Control of Protein Degradation and Growth Phase in Normal and Neoplastic Cells

Abstract

Cells have to double their protein mass in order to divide. Whether this is achieved through increased synthesis (PS), decreased degradation (PD), or a combination of both is still debated. Likewise open are other basic questions: whether, beyond differences relating to growth phase (GP) or rate, reduced PD rates are a general characteristic of neoplastic versus normal cells, conferring to them a definite growth advantage; which mechanisms are operating the PD regulation, if any, during GP transitions, and which ones may be defective in neoplastic cells. Growing liver under conditions of regeneration or development is known to achieve a net protein accumulation thanks to increased PS, and particularly, to decreased PD rates, as compared with the adult, steady-state tissue; the level of lysosomal proteinase (LP) activities is reduced; in the regenerating liver this reduction has been located in cycling hepatocytes.
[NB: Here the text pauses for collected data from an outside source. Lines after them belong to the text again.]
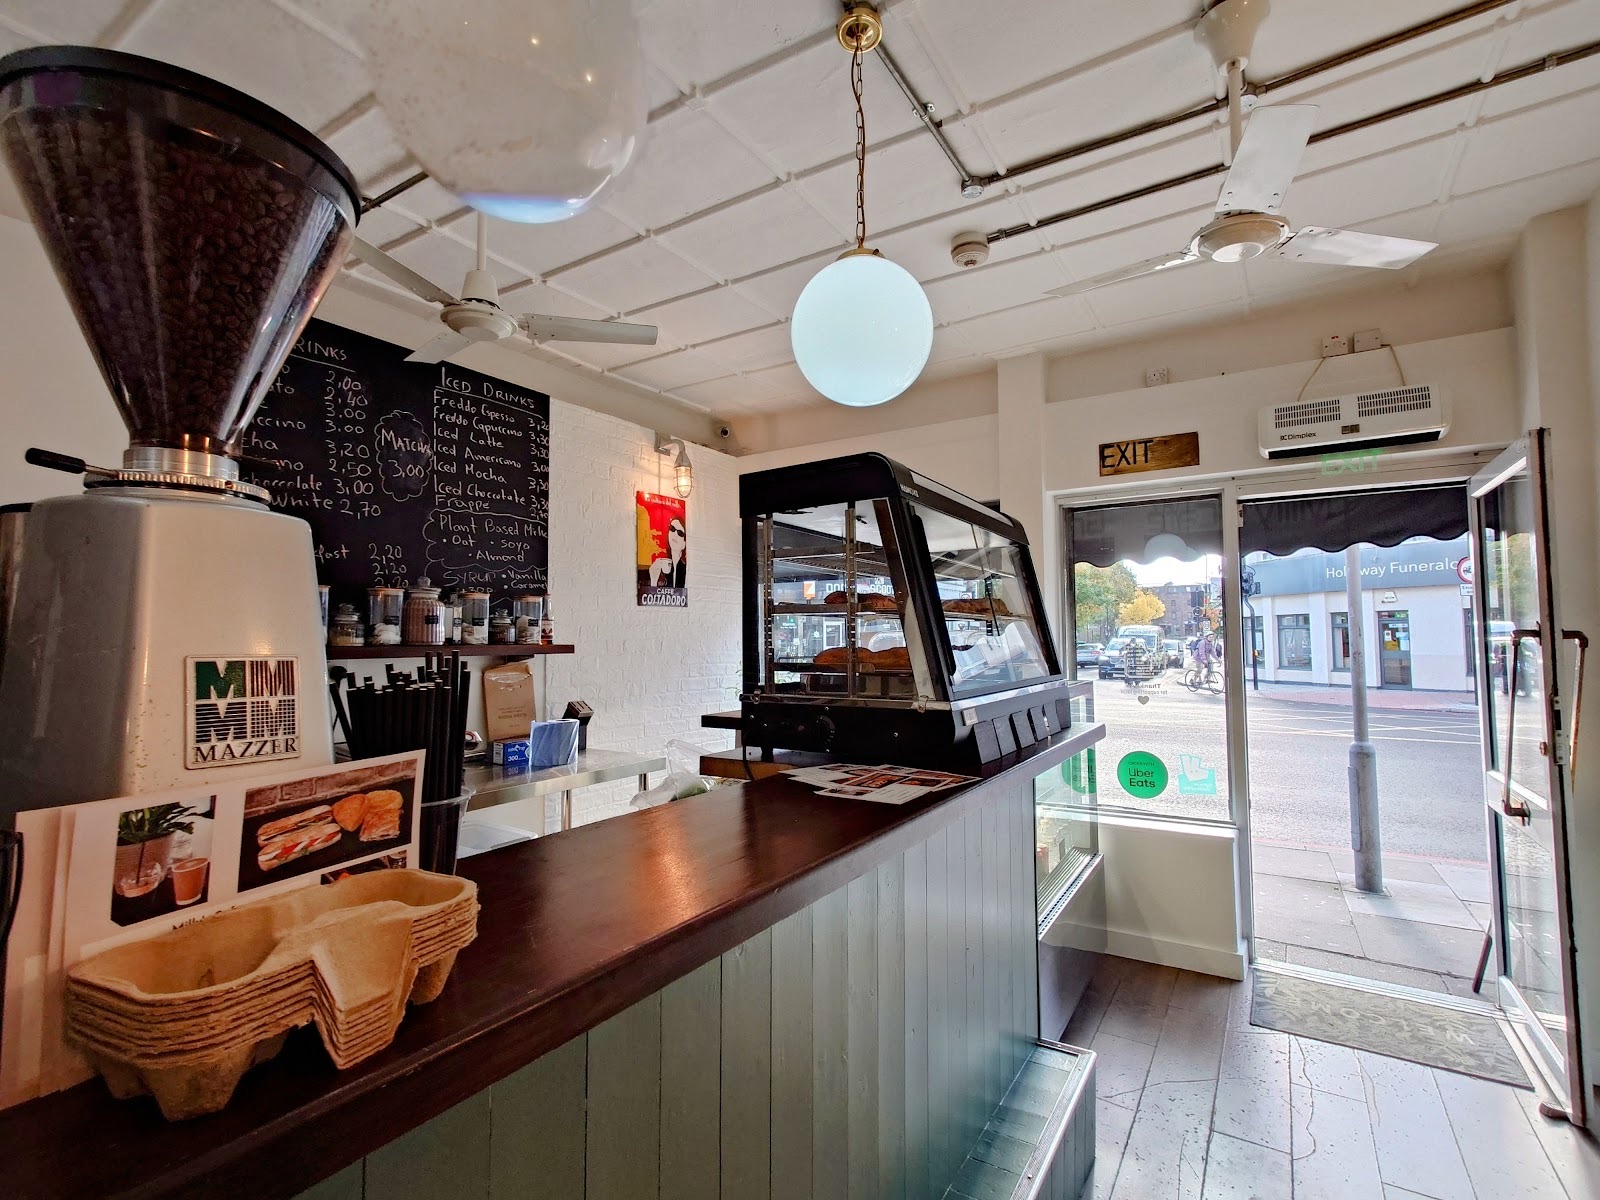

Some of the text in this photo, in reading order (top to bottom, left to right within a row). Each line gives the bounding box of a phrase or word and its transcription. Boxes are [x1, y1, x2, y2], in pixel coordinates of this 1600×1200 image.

[293, 337, 347, 360] RINKS
[433, 389, 477, 414] Freddo
[483, 382, 535, 409] DRINKS
[433, 405, 469, 427] Freddo
[433, 420, 459, 441] Iced
[470, 431, 505, 449] Latte
[1287, 431, 1317, 440] Dimplex
[325, 439, 370, 459] 3,20
[433, 438, 457, 457] Iced
[464, 446, 522, 469] Americano
[1101, 439, 1154, 469] EXIT
[328, 458, 372, 478] 2,50
[388, 459, 425, 478] 3,00
[433, 455, 457, 474] Iced
[465, 463, 508, 484] Mocha
[333, 478, 374, 495] 3,00
[433, 474, 462, 496] Iced
[340, 498, 382, 520] 2,70
[439, 513, 478, 534] Plant
[484, 518, 519, 536] Based
[451, 534, 477, 548] Oat
[368, 542, 402, 565] 2,20
[476, 550, 525, 563] Almond
[371, 562, 407, 575] 2,20
[507, 569, 548, 581] Vanilla
[1325, 558, 1460, 580] Holway Funeralc
[510, 579, 549, 590] Caramel
[641, 593, 686, 607] COSTADORO
[193, 738, 298, 764] MAZZER
[1128, 768, 1154, 778] Uber
[1129, 778, 1156, 788] Eats
AH-130 Yoshida ascites hepatoma cells effect the transition from log to stationary GP by concurrently reducing PS and accelerating PD (slow turnover protein pool); while PD is virtually not affected by lysosomal inhibitors (LI) in growing cells, the extra PD in resting cells is all inhibitable; there is no regulation of LP levels over this GP transition, which is due to depletion of oxygen and nutrients. GP transitions in normal 3T3 cells are also coupled with regulations of both PS and PD, the extra PD in quiescent cells being all suppressible by LI. Quiescence of 3T3 cells, due to depletion of growth factors, is associated with a marked elevation of some LP activities. Transformed 3T3 cells neither cease growth nor elevate PD even at very crowded densities, when PS rates decline; they also fail to regulate LP activities. These findings are discussed in relation to the general problems outlined above.